= What to produce =
Keep the pictures out. Write out every line of the listing exactly.

= Provided information =
▽
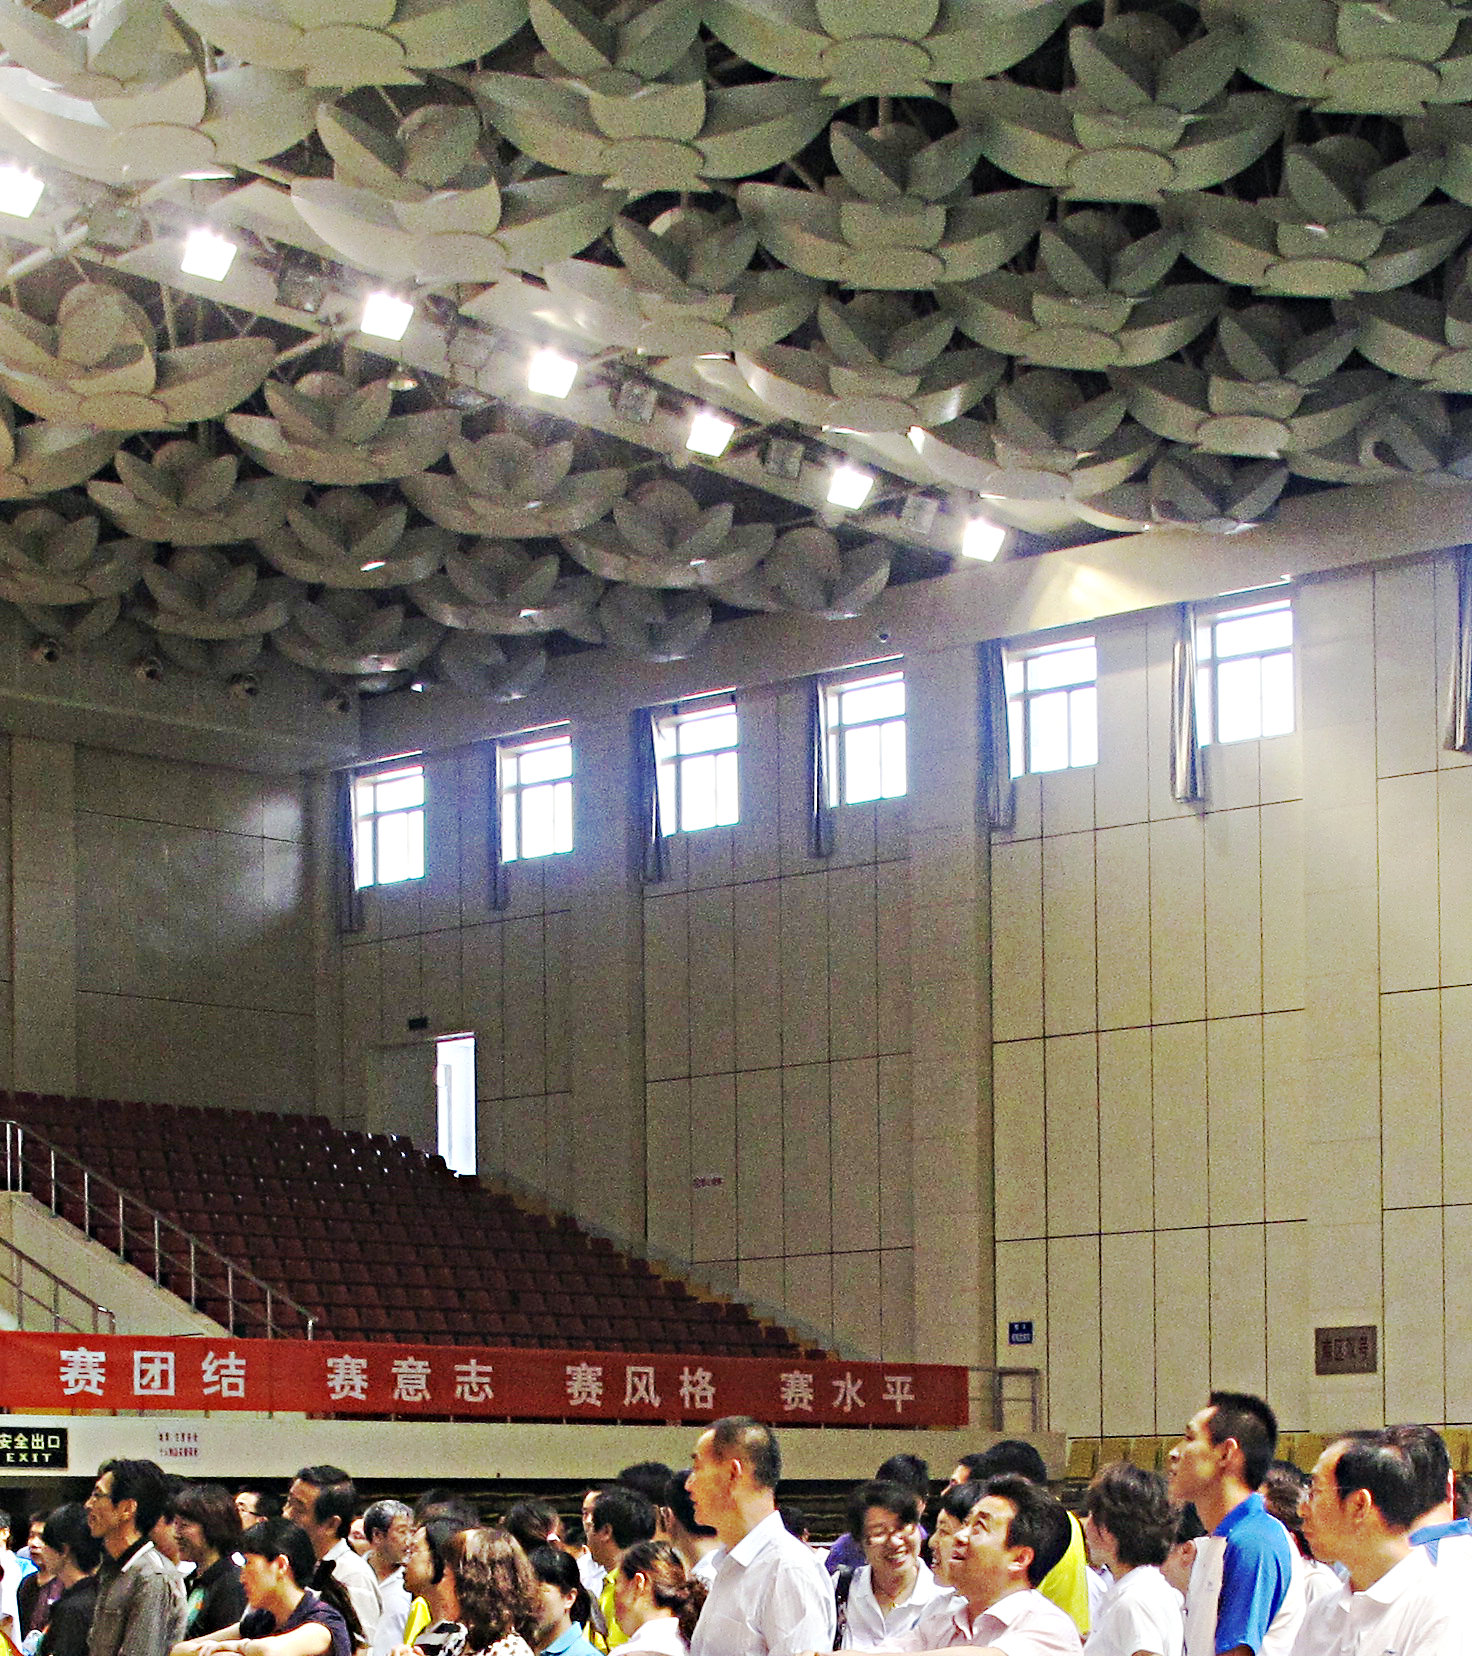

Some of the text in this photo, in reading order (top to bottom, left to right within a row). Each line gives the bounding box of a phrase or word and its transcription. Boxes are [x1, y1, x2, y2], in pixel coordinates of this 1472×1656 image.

[59, 1347, 916, 1413] 赛团结 赛意志 赛风格 赛水平
[6, 1453, 52, 1462] EXIT
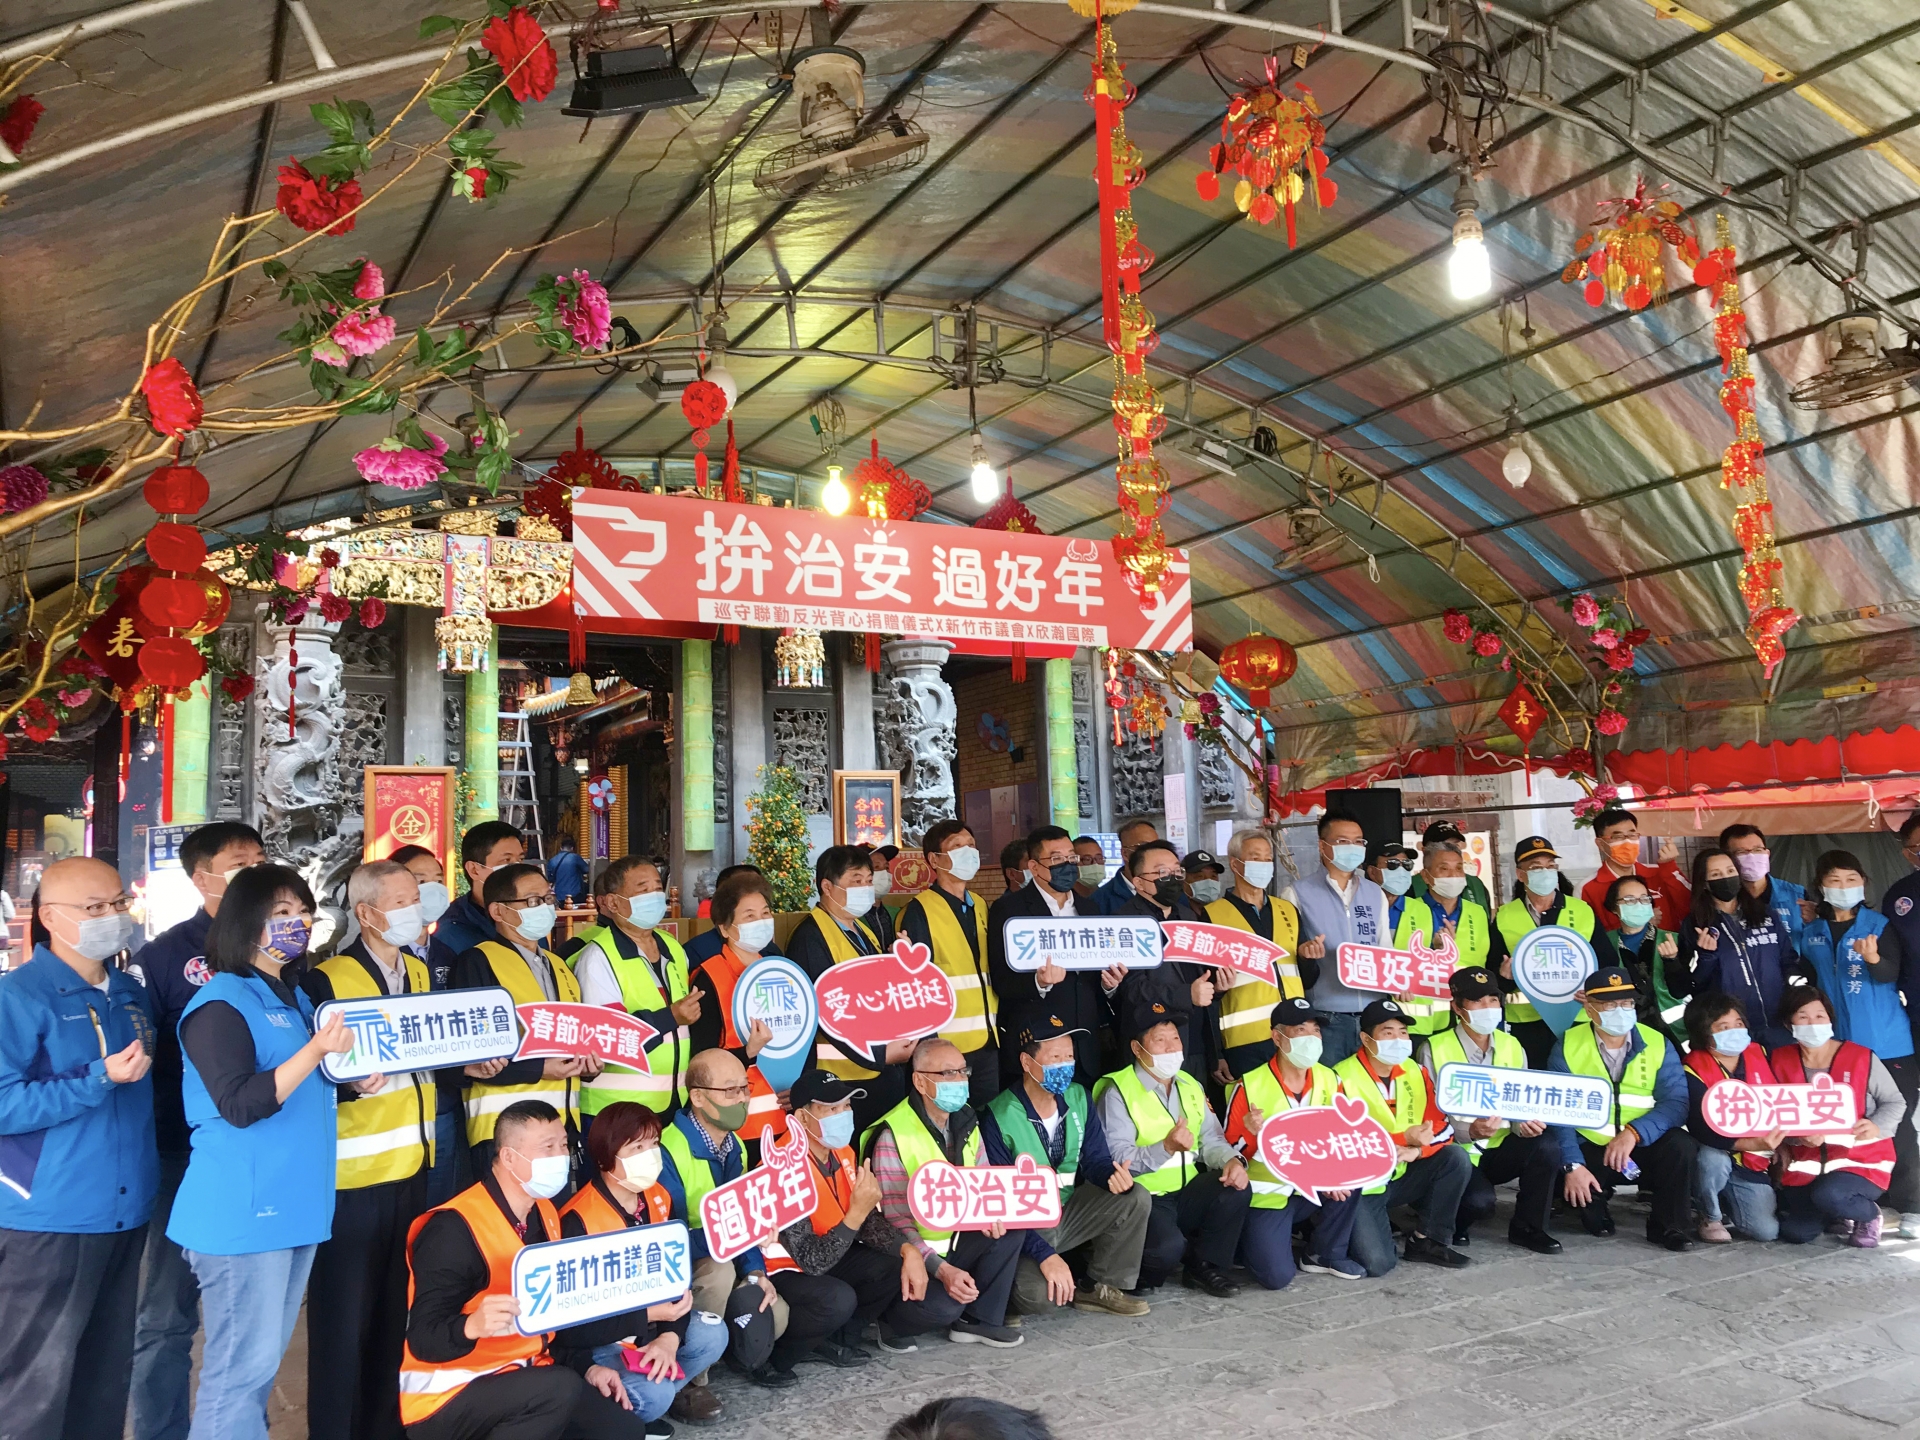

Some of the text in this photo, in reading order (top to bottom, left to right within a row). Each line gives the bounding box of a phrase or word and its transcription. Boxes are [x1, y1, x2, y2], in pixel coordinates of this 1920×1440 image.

[695, 510, 1106, 618] 拚治安 過好年
[106, 616, 146, 658] 春
[713, 602, 1096, 643] 巡守聯勤反光背心捐贈儀式X新竹市議會X欣瀚國際
[1513, 700, 1535, 726] 春
[395, 809, 426, 837] 金
[1038, 927, 1134, 950] 新竹市議會
[1080, 951, 1099, 960] CITY
[1101, 949, 1136, 959] COUNCIL
[1172, 924, 1273, 974] 春節 守護
[1344, 946, 1450, 996] 過好年
[823, 977, 948, 1022] 愛心相挺
[400, 1005, 511, 1044] 新竹市議會
[530, 1007, 641, 1060] 春節 守護
[404, 1034, 514, 1059] HSINCHU CITY COUNCIL
[1501, 1104, 1602, 1121] HSINCHU CITY COUNCIL
[1502, 1081, 1604, 1112] 新竹市議會
[1715, 1087, 1846, 1126] 拚治安
[1269, 1130, 1389, 1166] 愛心相挺
[707, 1161, 812, 1256] 過好年
[920, 1168, 1051, 1219] 拚治安
[556, 1241, 662, 1294] 新竹市議會
[556, 1277, 664, 1310] HSINCHU CITY COUNCIL
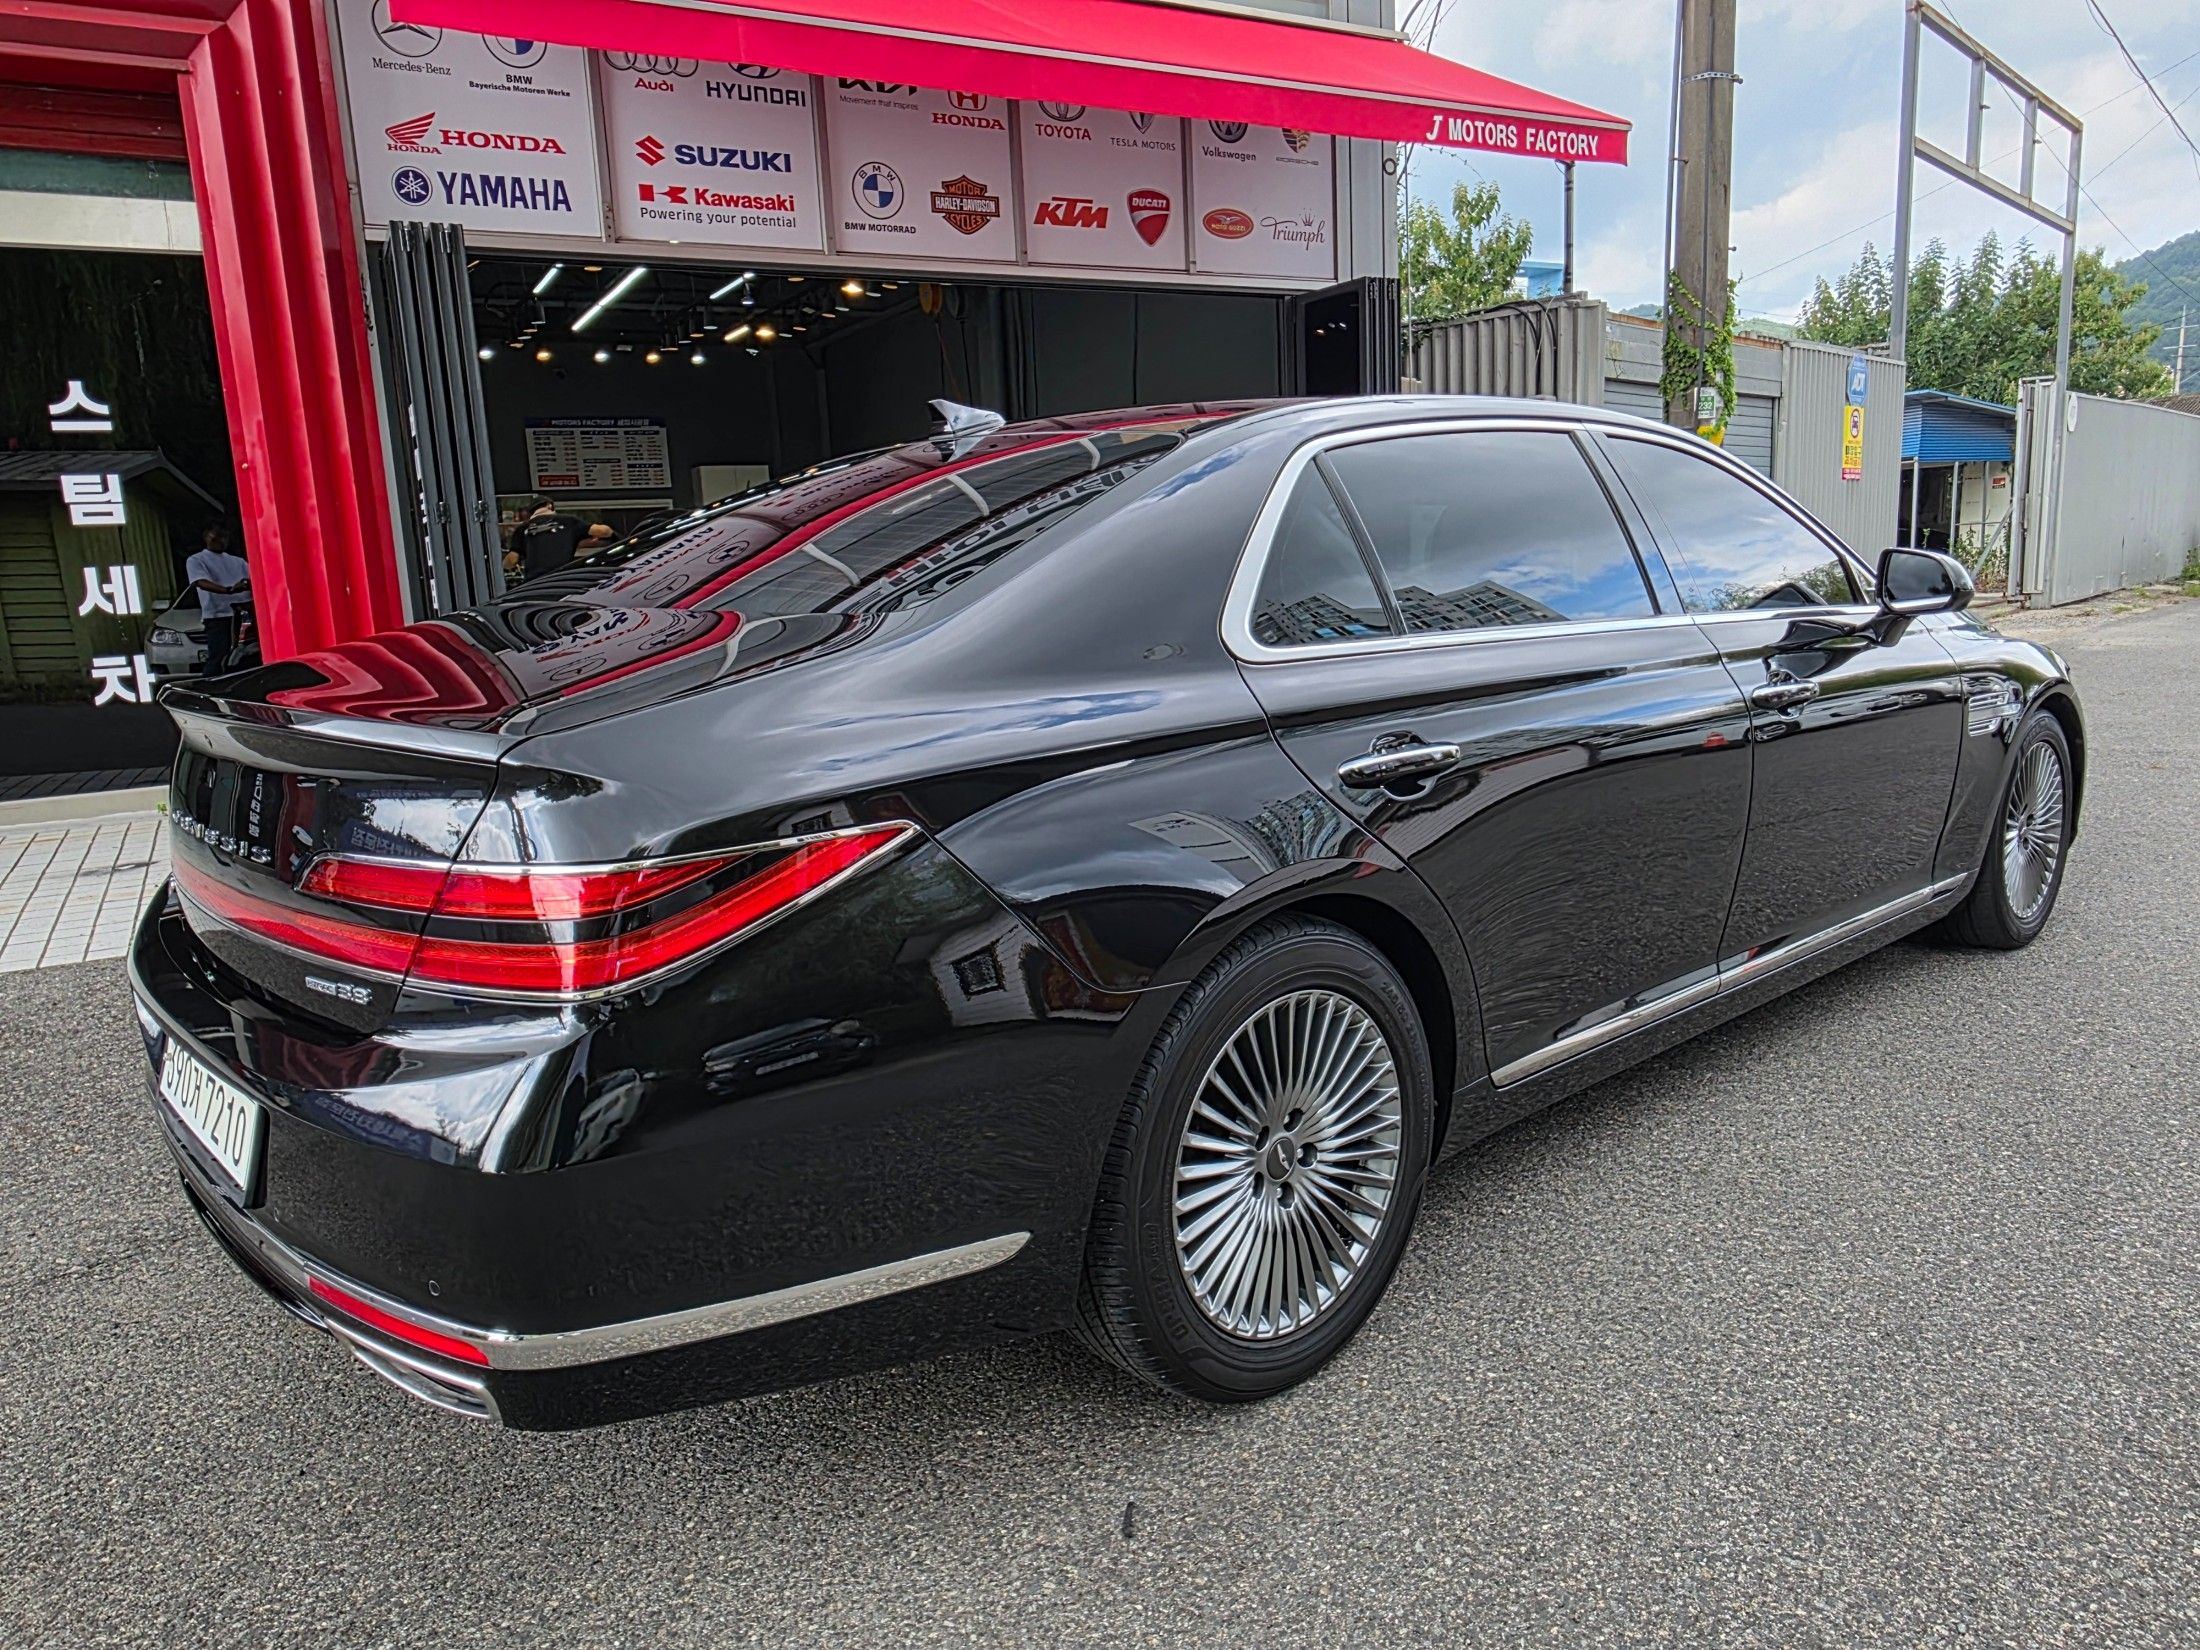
△
= Response to the exercise =
Some of the text in this photo, in reading order (top to bottom, left to right within a row). Each line gives the bounding box of a phrase or word and its transcription. Boxes are [x1, y1, x2, y2], in pixel coordinates of this 1472×1656 image.

[59, 1347, 916, 1413] 赛团结 赛意志 赛风格 赛水平
[6, 1453, 52, 1462] EXIT

Some of the text in this photo, in reading order (top to bottom, left to right within a row). Each line gives the bounding box of a phrase or word and its transcription. Boxes are [x1, y1, x2, y2], in pixel coordinates of this 1920×1440 image.

[695, 510, 1106, 618] 拚治安 過好年
[106, 616, 146, 658] 春
[713, 602, 1096, 643] 巡守聯勤反光背心捐贈儀式X新竹市議會X欣瀚國際
[1513, 700, 1535, 726] 春
[395, 809, 426, 837] 金
[1038, 927, 1134, 950] 新竹市議會
[1080, 951, 1099, 960] CITY
[1101, 949, 1136, 959] COUNCIL
[1172, 924, 1273, 974] 春節 守護
[1344, 946, 1450, 996] 過好年
[823, 977, 948, 1022] 愛心相挺
[400, 1005, 511, 1044] 新竹市議會
[530, 1007, 641, 1060] 春節 守護
[404, 1034, 514, 1059] HSINCHU CITY COUNCIL
[1501, 1104, 1602, 1121] HSINCHU CITY COUNCIL
[1502, 1081, 1604, 1112] 新竹市議會
[1715, 1087, 1846, 1126] 拚治安
[1269, 1130, 1389, 1166] 愛心相挺
[707, 1161, 812, 1256] 過好年
[920, 1168, 1051, 1219] 拚治安
[556, 1241, 662, 1294] 新竹市議會
[556, 1277, 664, 1310] HSINCHU CITY COUNCIL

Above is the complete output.